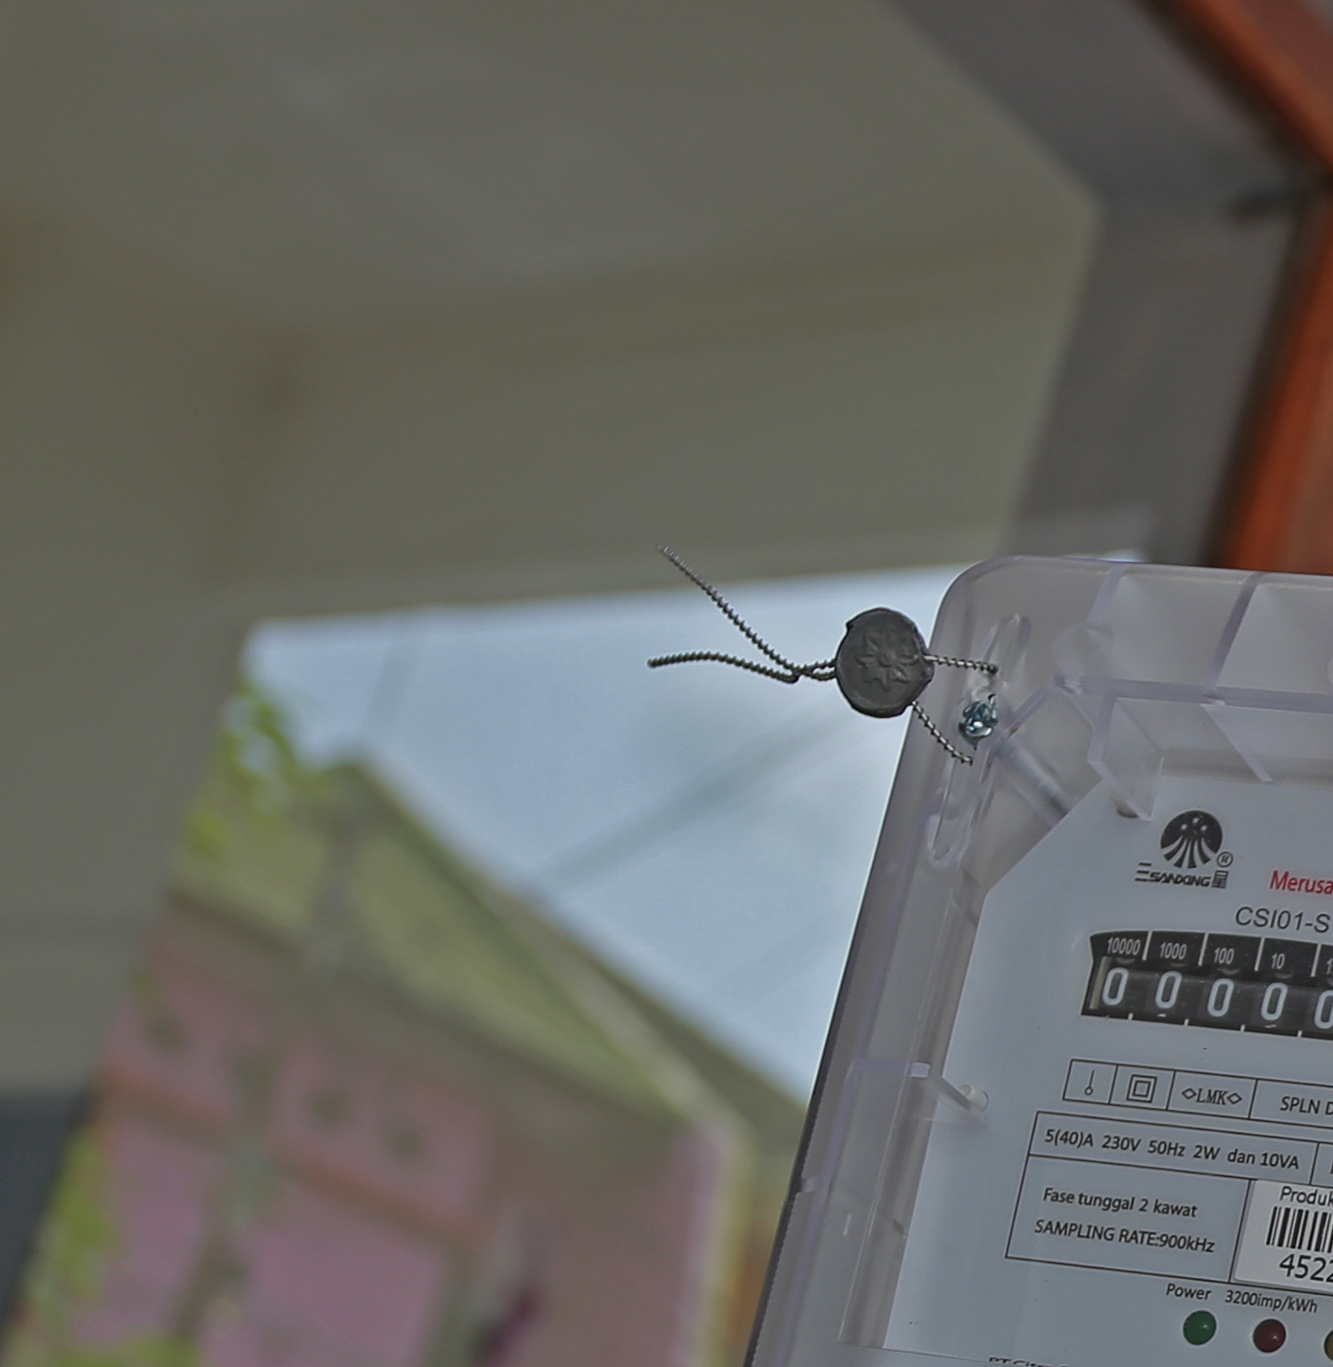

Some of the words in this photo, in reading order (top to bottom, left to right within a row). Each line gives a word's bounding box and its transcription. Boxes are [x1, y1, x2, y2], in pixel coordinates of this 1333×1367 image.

[1106, 937, 1141, 955] 10000
[1159, 942, 1187, 960] 1000
[1213, 947, 1235, 965] 100
[1270, 953, 1286, 969] 10
[1326, 958, 1333, 974] 1
[1196, 1088, 1228, 1105] LMK
[1280, 1095, 1321, 1115] SPLN
[1044, 1129, 1094, 1148] 5(40)A
[1101, 1134, 1142, 1151] 230V
[1147, 1140, 1186, 1157] 50Hz
[1193, 1144, 1220, 1160] 2W
[1227, 1149, 1255, 1165] dan
[1259, 1152, 1299, 1170] 10VA
[1043, 1187, 1075, 1205] Fase
[1078, 1192, 1134, 1212] tunggal
[1138, 1198, 1149, 1212] 2
[1153, 1200, 1197, 1218] kawat
[1034, 1219, 1115, 1242] SAMPLING
[1165, 1283, 1212, 1301] Power
[1224, 1290, 1318, 1314] 3200imp/kWh

_WORK ITEM:_
The task requires the full listing to be given again verbatim, without its pictures.

_RESPONSE TO THE TASK:_
Some of the words in this photo, in reading order (top to bottom, left to right within a row). Each line gives a word's bounding box and its transcription. Boxes are [x1, y1, x2, y2], in pixel coordinates of this 1333×1367 image.

[1106, 937, 1141, 955] 10000
[1159, 942, 1187, 960] 1000
[1213, 947, 1235, 965] 100
[1270, 953, 1286, 969] 10
[1326, 958, 1333, 974] 1
[1196, 1088, 1228, 1105] LMK
[1280, 1095, 1321, 1115] SPLN
[1044, 1129, 1094, 1148] 5(40)A
[1101, 1134, 1142, 1151] 230V
[1147, 1140, 1186, 1157] 50Hz
[1193, 1144, 1220, 1160] 2W
[1227, 1149, 1255, 1165] dan
[1259, 1152, 1299, 1170] 10VA
[1043, 1187, 1075, 1205] Fase
[1078, 1192, 1134, 1212] tunggal
[1138, 1198, 1149, 1212] 2
[1153, 1200, 1197, 1218] kawat
[1034, 1219, 1115, 1242] SAMPLING
[1165, 1283, 1212, 1301] Power
[1224, 1290, 1318, 1314] 3200imp/kWh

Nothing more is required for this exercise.